Exercise goal: All records, exactly as written, minus the pictures: copy them out.

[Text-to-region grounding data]
* * * *

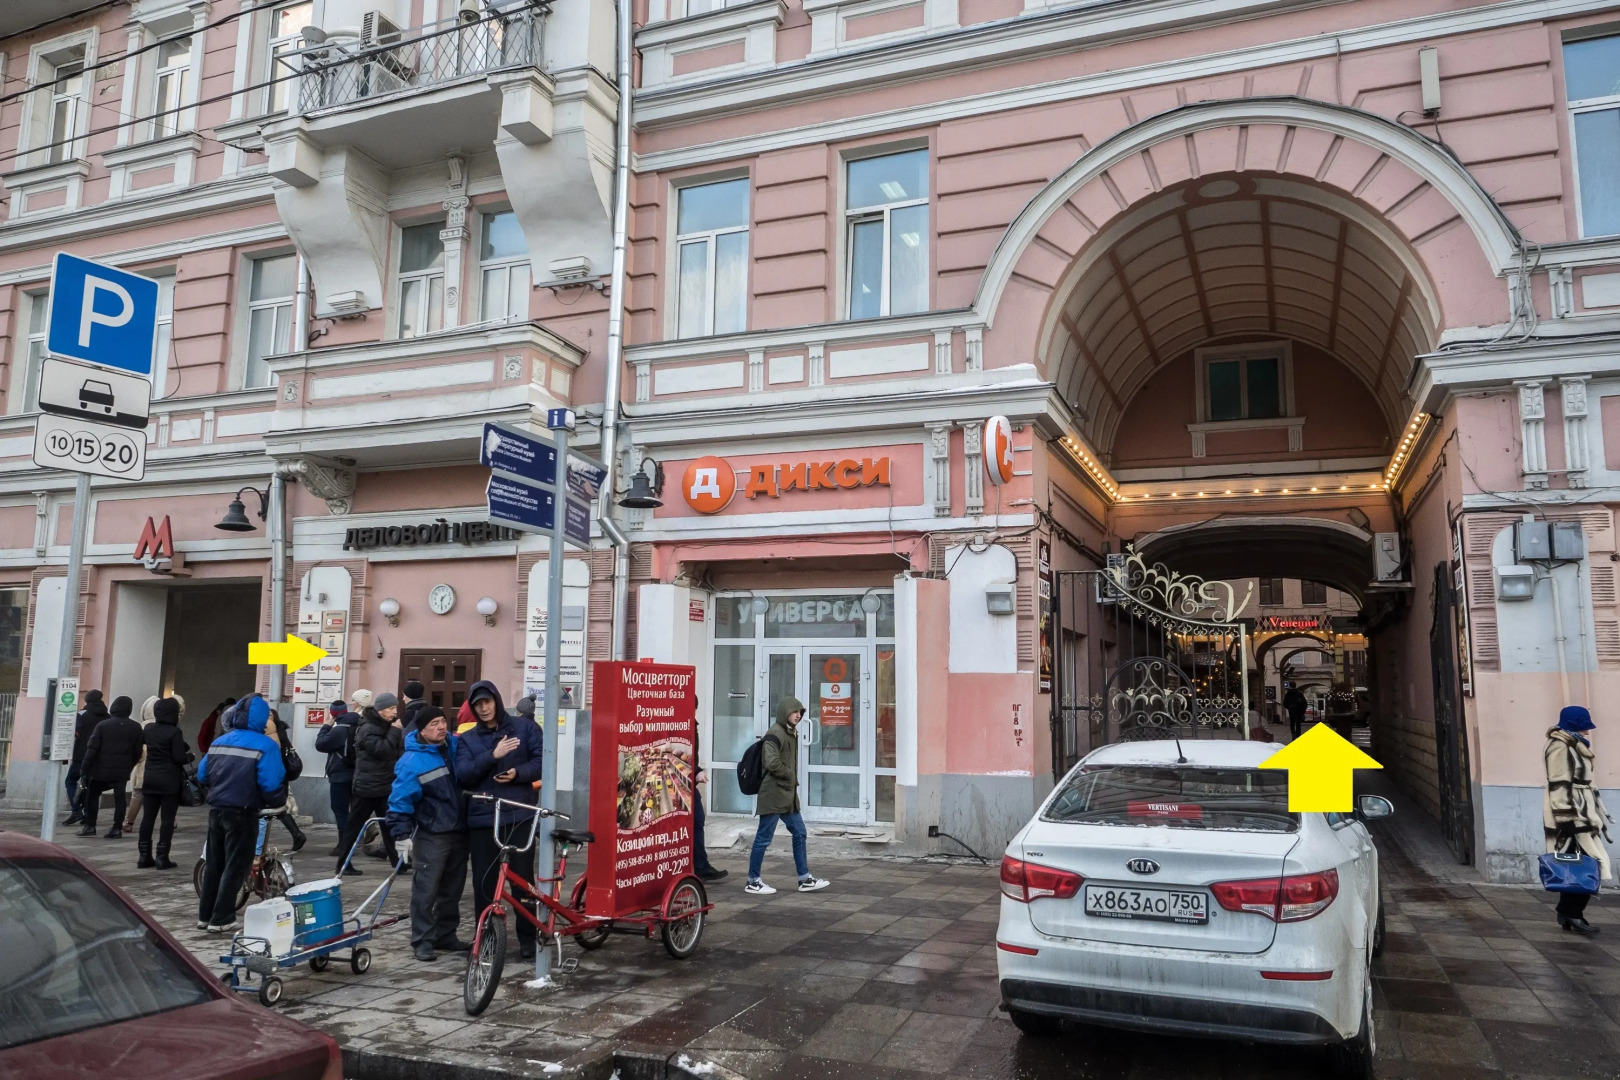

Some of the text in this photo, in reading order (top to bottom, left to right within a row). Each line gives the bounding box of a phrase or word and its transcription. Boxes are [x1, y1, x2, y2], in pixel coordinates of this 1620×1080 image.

[78, 274, 134, 347] P
[51, 435, 132, 465] 10 15 20
[690, 457, 891, 499] Д ДИКСИ
[343, 518, 449, 550] ДЕЛОВОЙ
[737, 600, 886, 624] УИВЕРСА
[622, 667, 691, 689] Мосцветторг
[628, 687, 685, 700] Цветочная база
[636, 704, 675, 720] Разумный
[619, 719, 691, 735] выбор миллионов!
[1148, 803, 1178, 811] VERTISANI
[616, 833, 654, 853] Козицкий
[1131, 861, 1154, 872] KIA
[616, 877, 632, 889] Часы
[633, 872, 655, 887] работы
[1171, 893, 1200, 910] 750

* * * *

Solution to the problem:
Some of the text in this photo, in reading order (top to bottom, left to right within a row). Each line gives the bounding box of a phrase or word and its transcription. Boxes are [x1, y1, x2, y2], in pixel coordinates of this 1620×1080 image.

[78, 274, 134, 347] P
[51, 435, 132, 465] 10 15 20
[690, 457, 891, 499] Д ДИКСИ
[343, 518, 449, 550] ДЕЛОВОЙ
[737, 600, 886, 624] УИВЕРСА
[622, 667, 691, 689] Мосцветторг
[628, 687, 685, 700] Цветочная база
[636, 704, 675, 720] Разумный
[619, 719, 691, 735] выбор миллионов!
[1148, 803, 1178, 811] VERTISANI
[616, 833, 654, 853] Козицкий
[1131, 861, 1154, 872] KIA
[616, 877, 632, 889] Часы
[633, 872, 655, 887] работы
[1171, 893, 1200, 910] 750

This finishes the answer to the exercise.